My own conviction on this score dates from the day I saw a wolf die. We were eating lunch on a high rimrock, at the foot of which a turbulent river elbowed its way. We saw what we thought was a doe fording the torrent, her breast awash in white water. When she climbed the bank toward us and shook out her tail, we realized our error: it was a wolf. A half-dozen others, evidently grown pups, sprang from the willows and all joined in a welcoming melee of wagging tails and playful maulings. What was literally a pile of wolves writhed and tumbled in the center of an open flat at the foot of our rimrock.

In those days we never heard of passing up a chance to kill a wolf. In a second we were pumping lead into the pack, but with more excitement the accuracy: how to aim a steep downhill shot is always confusing. When our rifles were empty, the old wolf was down, and a pup was dragging a leg into impassable slide-rocks.

We reached the old wolf in time to watch a fierce green fire dying in her eyes. I realized then, and have known ever since, that there was something new to me in those eyes--something known only to her and to the mountain. I was young then, and full of trigger-itch; I thought that because fewer wolves meant more deer, that no wolves would mean hunters’ paradise. But after seeing the green fire die, I sensed that neither the wolf nor the mountain agreed with such a view.

Since then I have lived to see state after state extirpate its wolves. I watched the face of many a newly wolfless mountain, and seen the south-facing slopes wrinkle with a maze of new deer trails. I have seen every edible bush and seedling browsed, first to anaemic desuetude, and then to death. I have seen every edible tree defoliated to the height of a saddlehorn. Such a mountain looks as if someone had given God a new pruning shears, and forbidden Him all other exercise.

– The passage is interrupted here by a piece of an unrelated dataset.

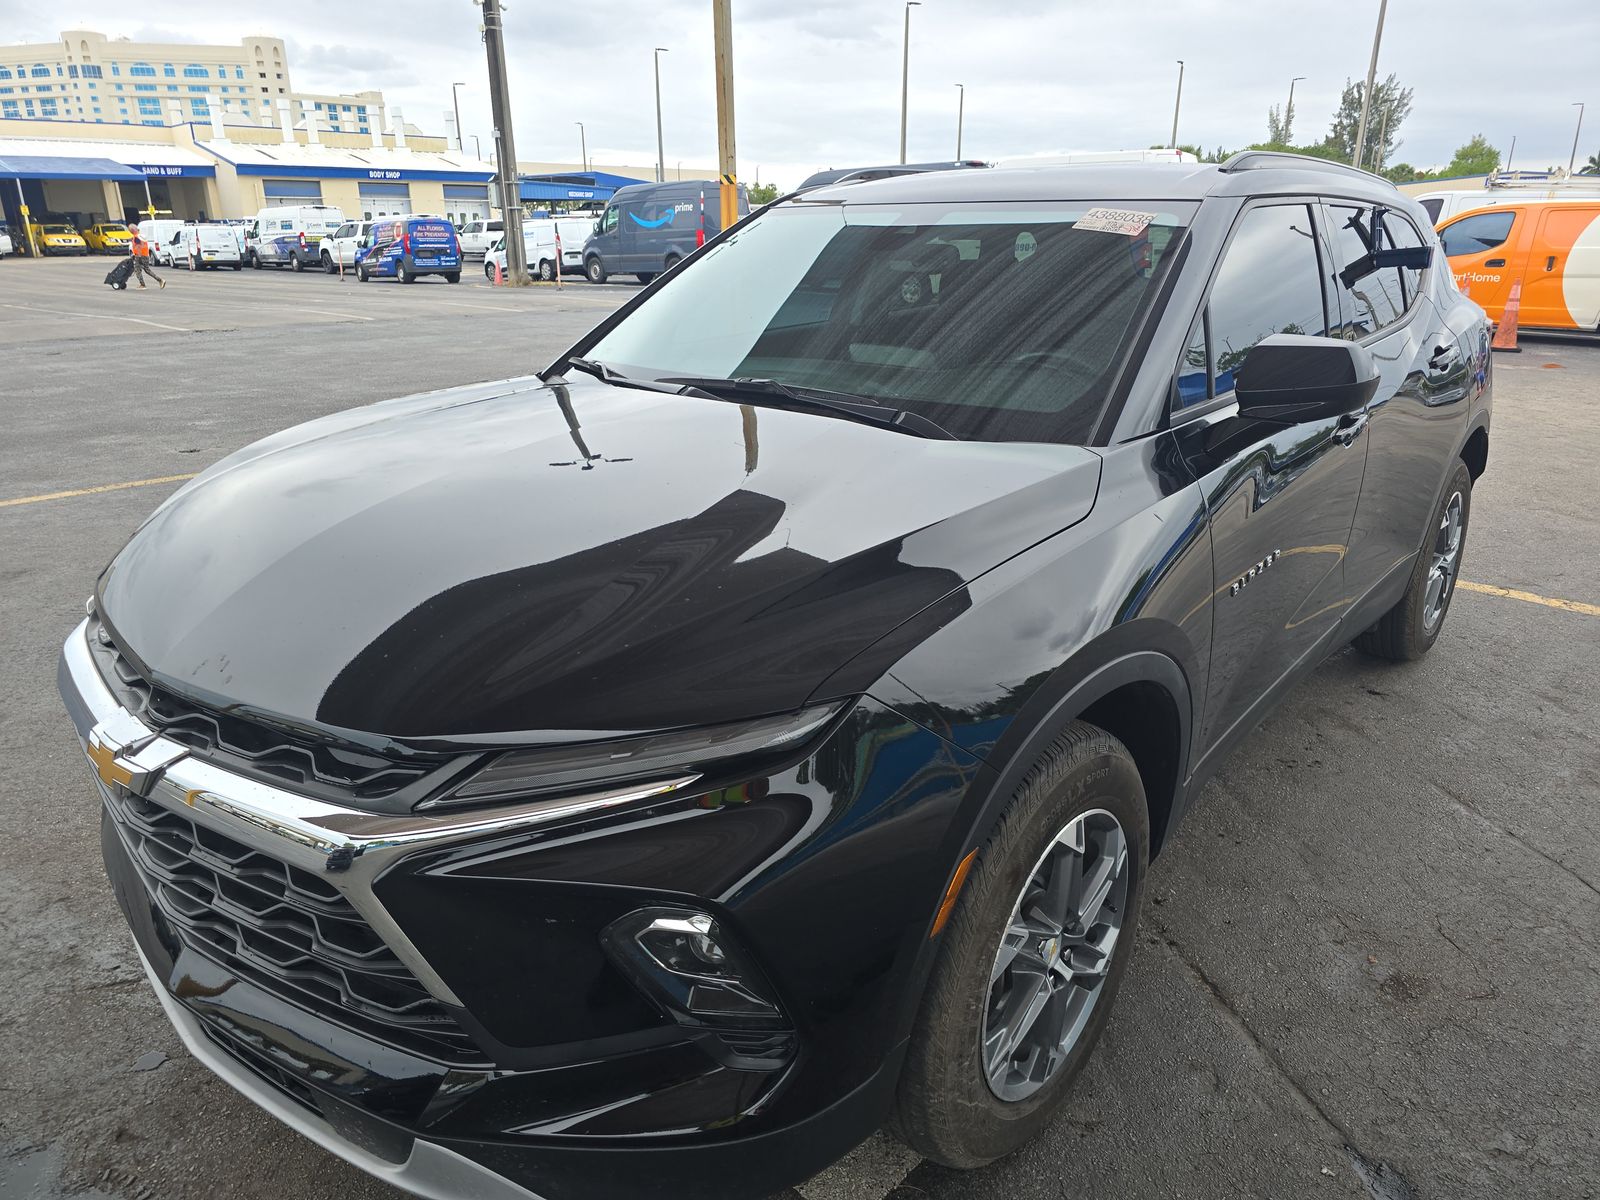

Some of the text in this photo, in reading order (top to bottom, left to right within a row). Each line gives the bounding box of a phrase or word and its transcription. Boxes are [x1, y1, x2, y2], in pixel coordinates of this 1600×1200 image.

In the end the starved bones of the hoped-for deer herd, dead of its own too-much, bleach with the bones of the dead sage, or molder under the high-lined junipers.

I now suspect that just as a deer herd lives in mortal fear of its wolves, so does a mountain live in mortal fear of its deer. And perhaps with better cause, for while a buck pulled down by wolves can be replaced in two or three years, a range pulled down by too many deer may fail of replacement in as many decades.

So also with cows. The cowman who cleans his range of wolves does not realize that he is taking over the wolf’s job of trimming the herd to fit the range. He has not learned to think like a mountain. Hence we have dustbowls, and rivers washing the future into the sea.

We all strive for safety, prosperity, comfort, long life, and dullness. The deer strives with his supple legs, the cowman with trap and poison, the statesman with pen, the most of us with machines, votes, and dollars, but it all comes to the same thing: peace in our time. A measure of success in this is all well enough, and perhaps is a requisite to objective is all well enough, and perhaps is a requisite to objective thinking, but too much safety seems to yield only danger in the long run. Perhaps this is behind Thoreau’s dictum: “in wildness is the salvation of the world.” Perhaps this is the hidden meaning in the howl of the wolf, long known among mountains, but seldom perceived among men.